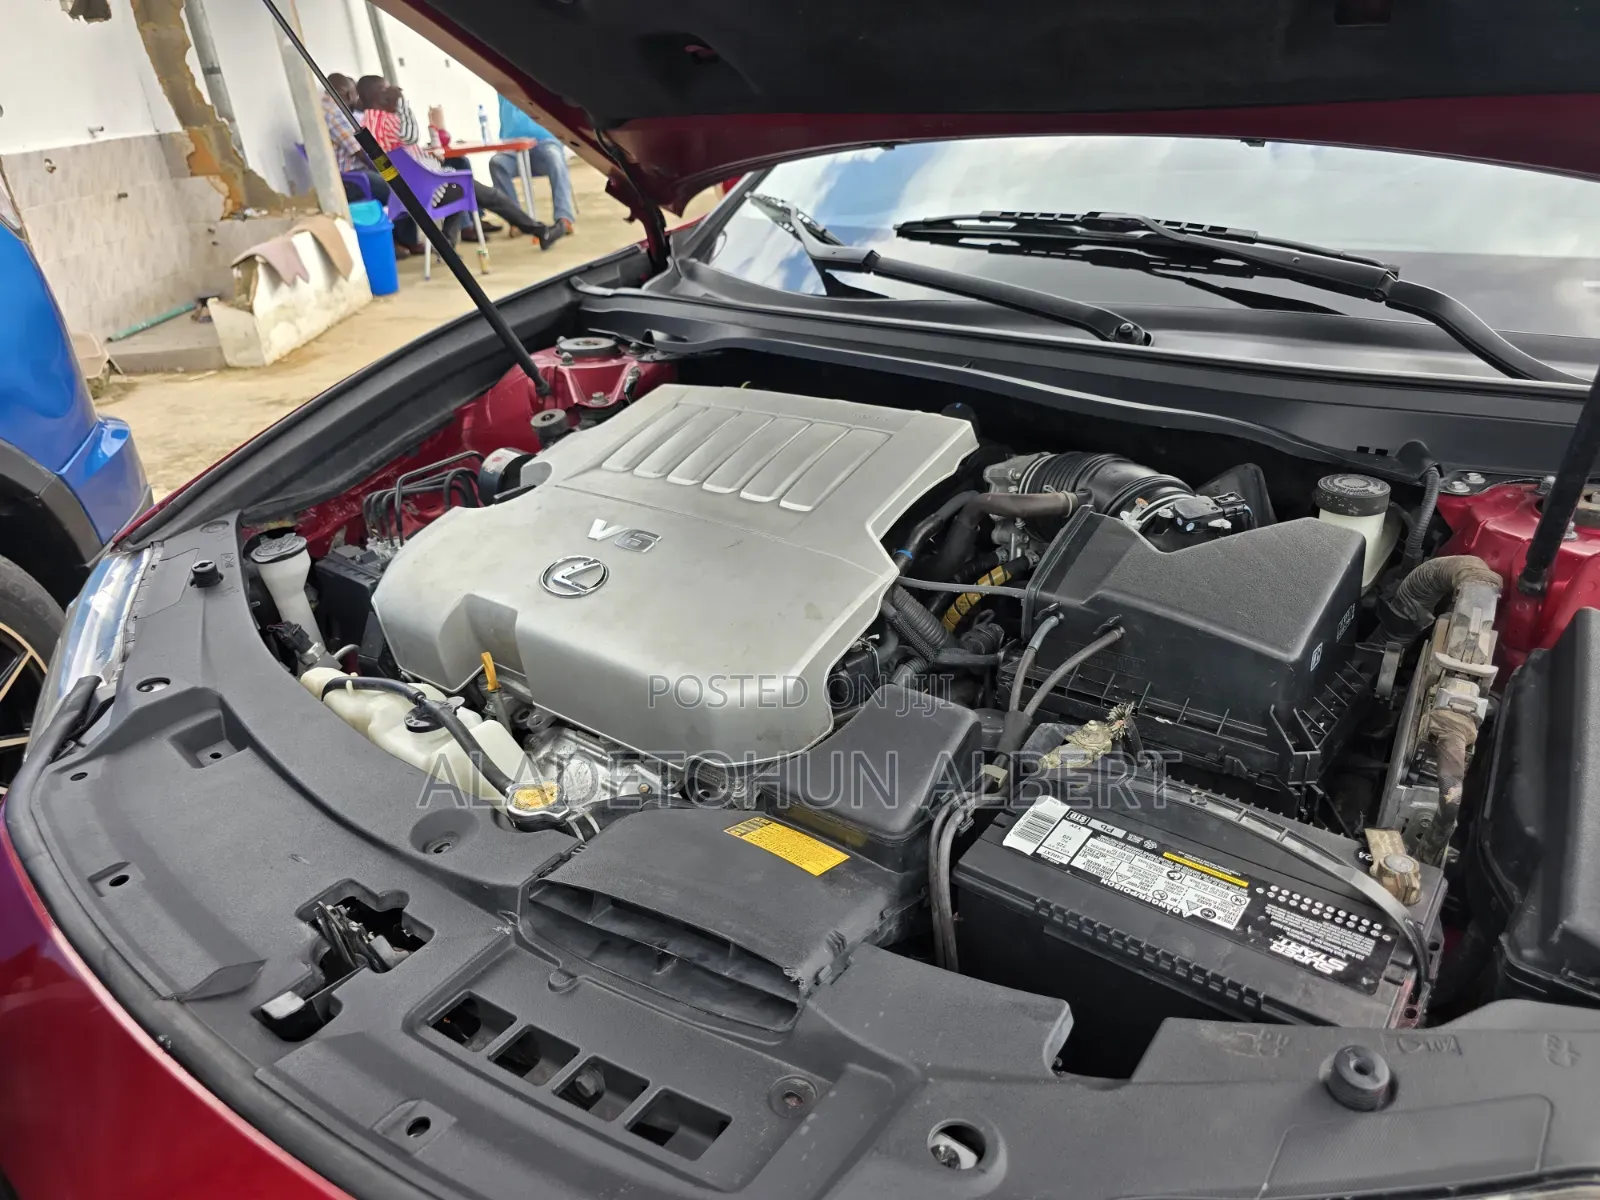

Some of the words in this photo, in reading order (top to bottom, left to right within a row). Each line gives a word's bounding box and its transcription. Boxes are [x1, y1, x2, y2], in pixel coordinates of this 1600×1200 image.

[587, 518, 663, 553] V6
[1098, 823, 1114, 833] Pb
[1100, 878, 1180, 914] DANGER/POISON
[1269, 942, 1333, 975] SUPER
[1273, 936, 1348, 972] START
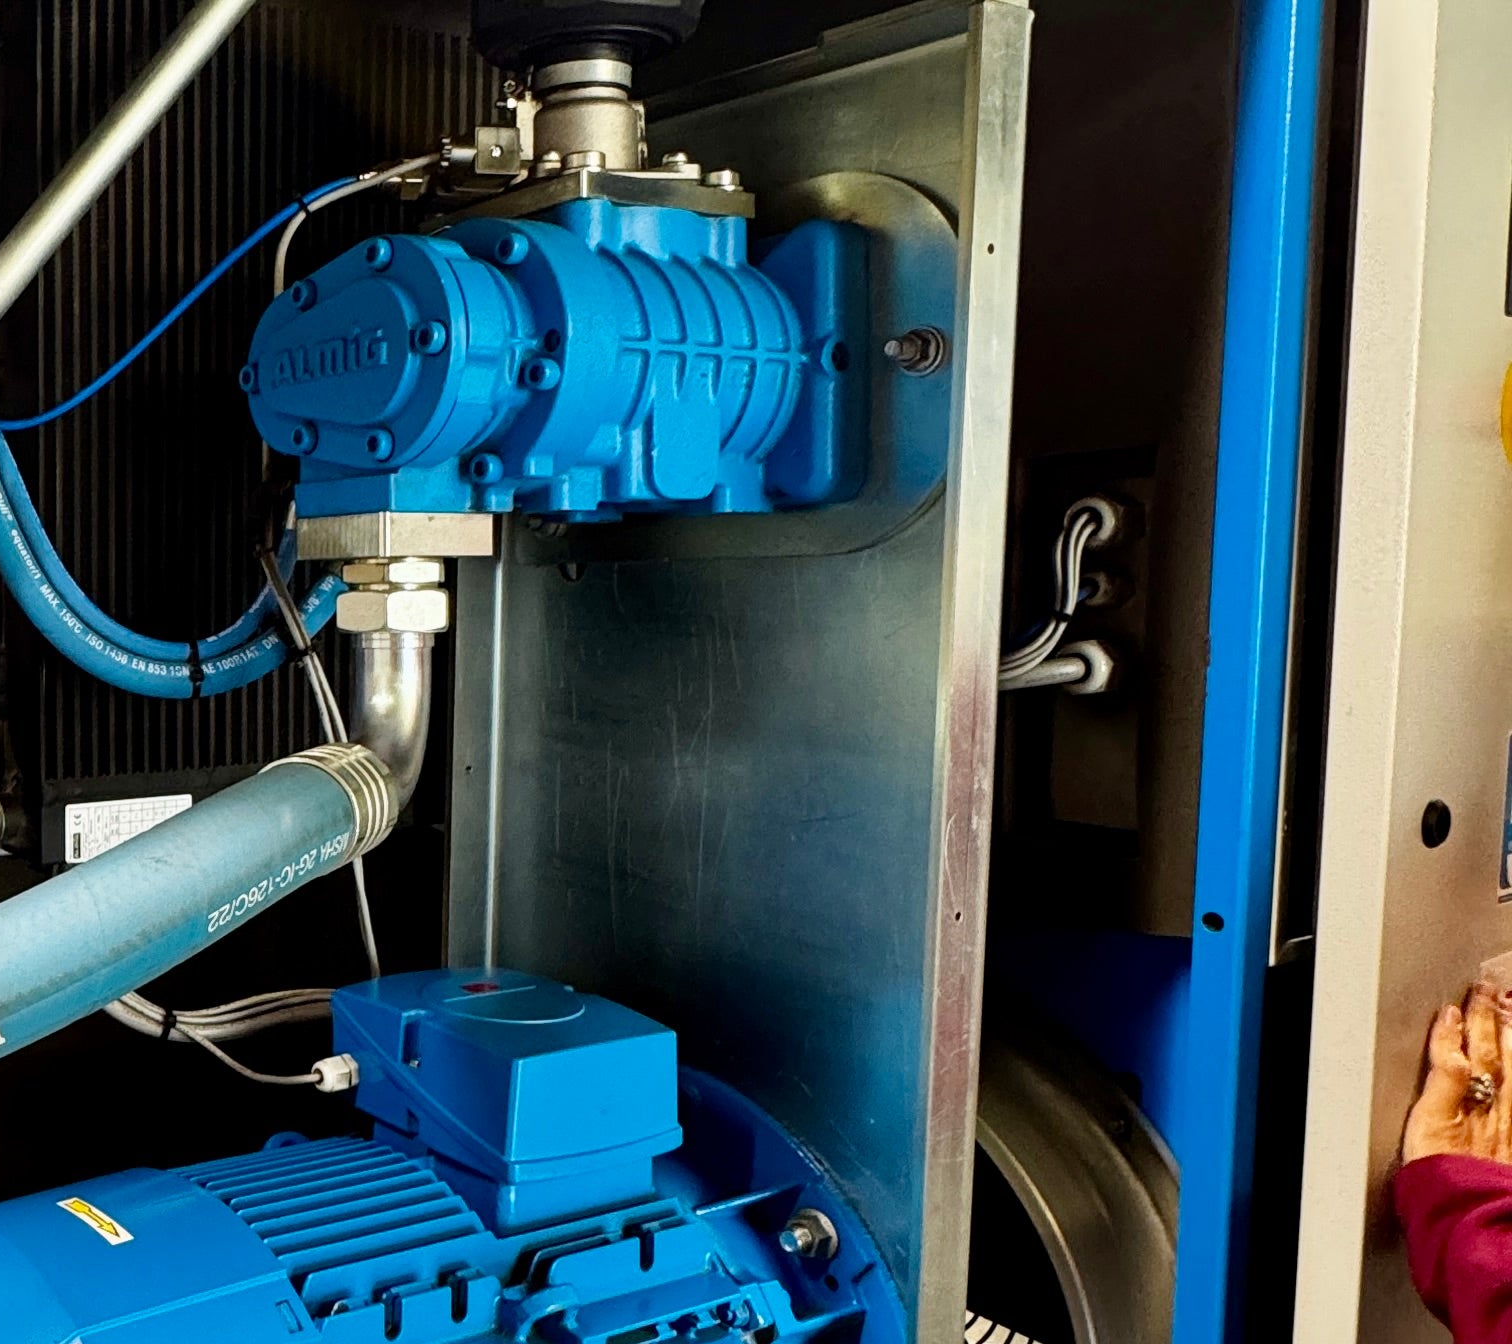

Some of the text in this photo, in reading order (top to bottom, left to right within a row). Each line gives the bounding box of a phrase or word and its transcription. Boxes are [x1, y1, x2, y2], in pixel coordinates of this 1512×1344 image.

[84, 633, 105, 650] ISO
[131, 658, 146, 672] EN
[147, 662, 167, 676] 853
[262, 633, 280, 650] DN
[319, 575, 337, 592] WP
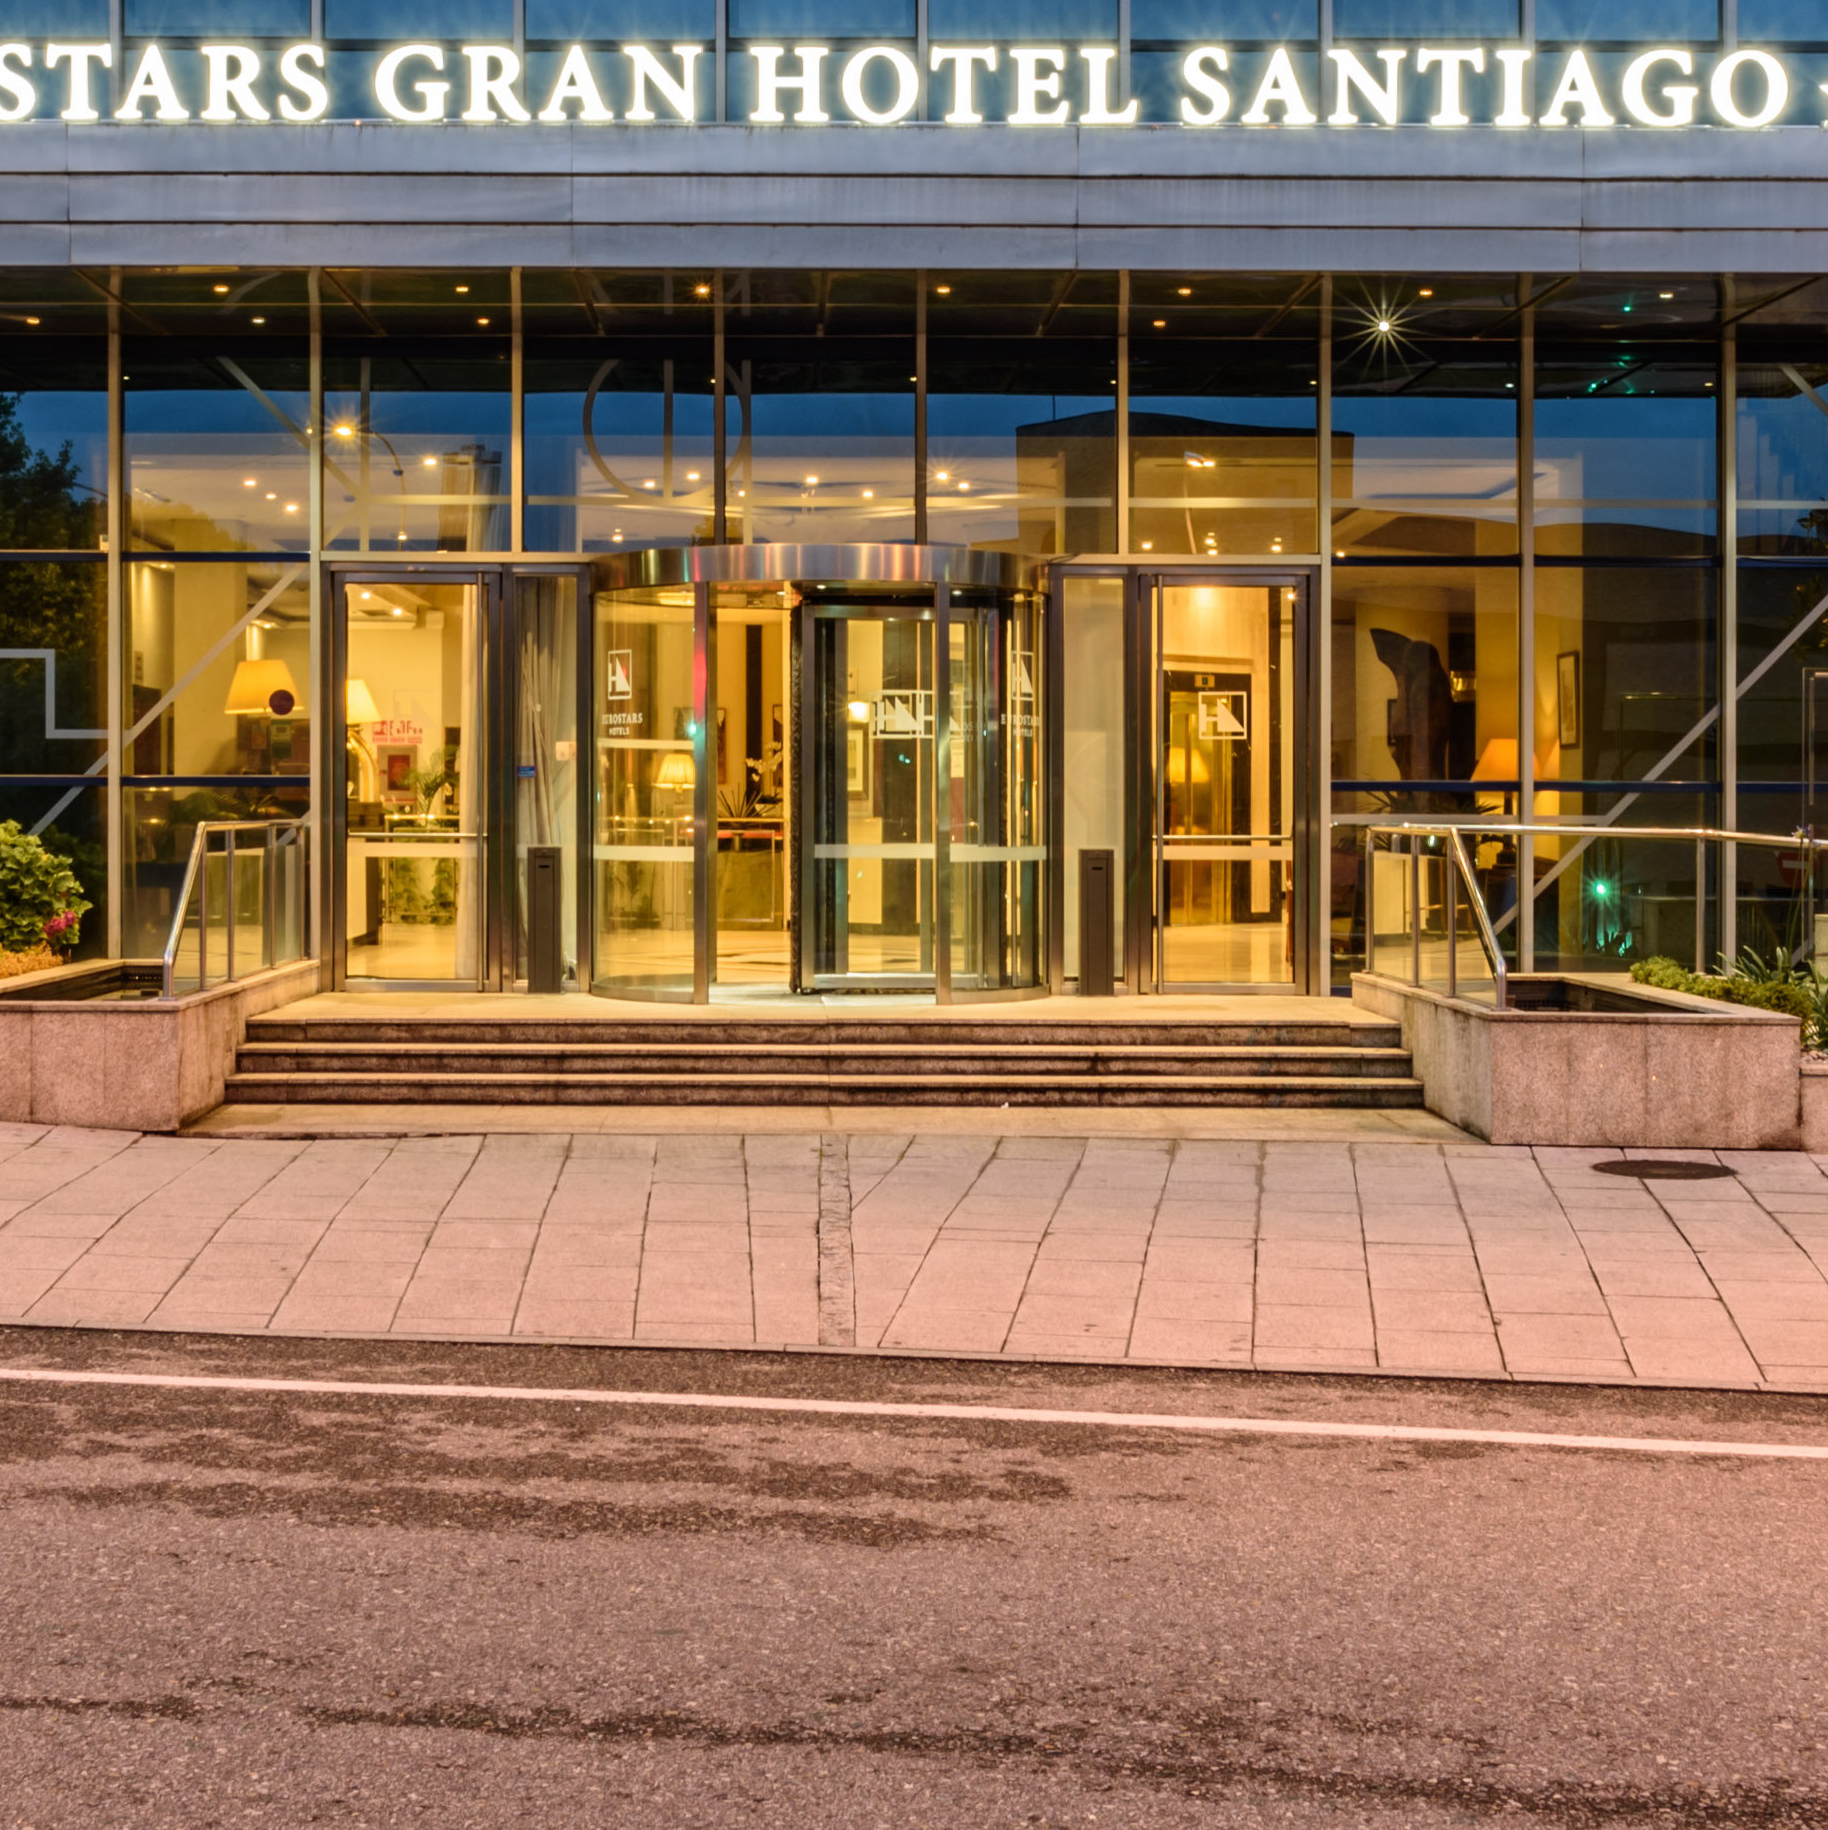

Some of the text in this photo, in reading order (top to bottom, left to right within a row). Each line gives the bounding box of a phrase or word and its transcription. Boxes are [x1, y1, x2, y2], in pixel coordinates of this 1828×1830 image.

[374, 44, 702, 121] GRAN
[749, 46, 1138, 121] HOTEL
[1180, 46, 1789, 121] SANTIAGO

(Task to complete)
Transcribe only the trailing portion of the entries above: the line that contains "this 1828×1830 image." and each line after it.

(Exercise result)
Some of the text in this photo, in reading order (top to bottom, left to right within a row). Each line gives the bounding box of a phrase or word and its transcription. Boxes are [x1, y1, x2, y2], in pixel coordinates of this 1828×1830 image.

[374, 44, 702, 121] GRAN
[749, 46, 1138, 121] HOTEL
[1180, 46, 1789, 121] SANTIAGO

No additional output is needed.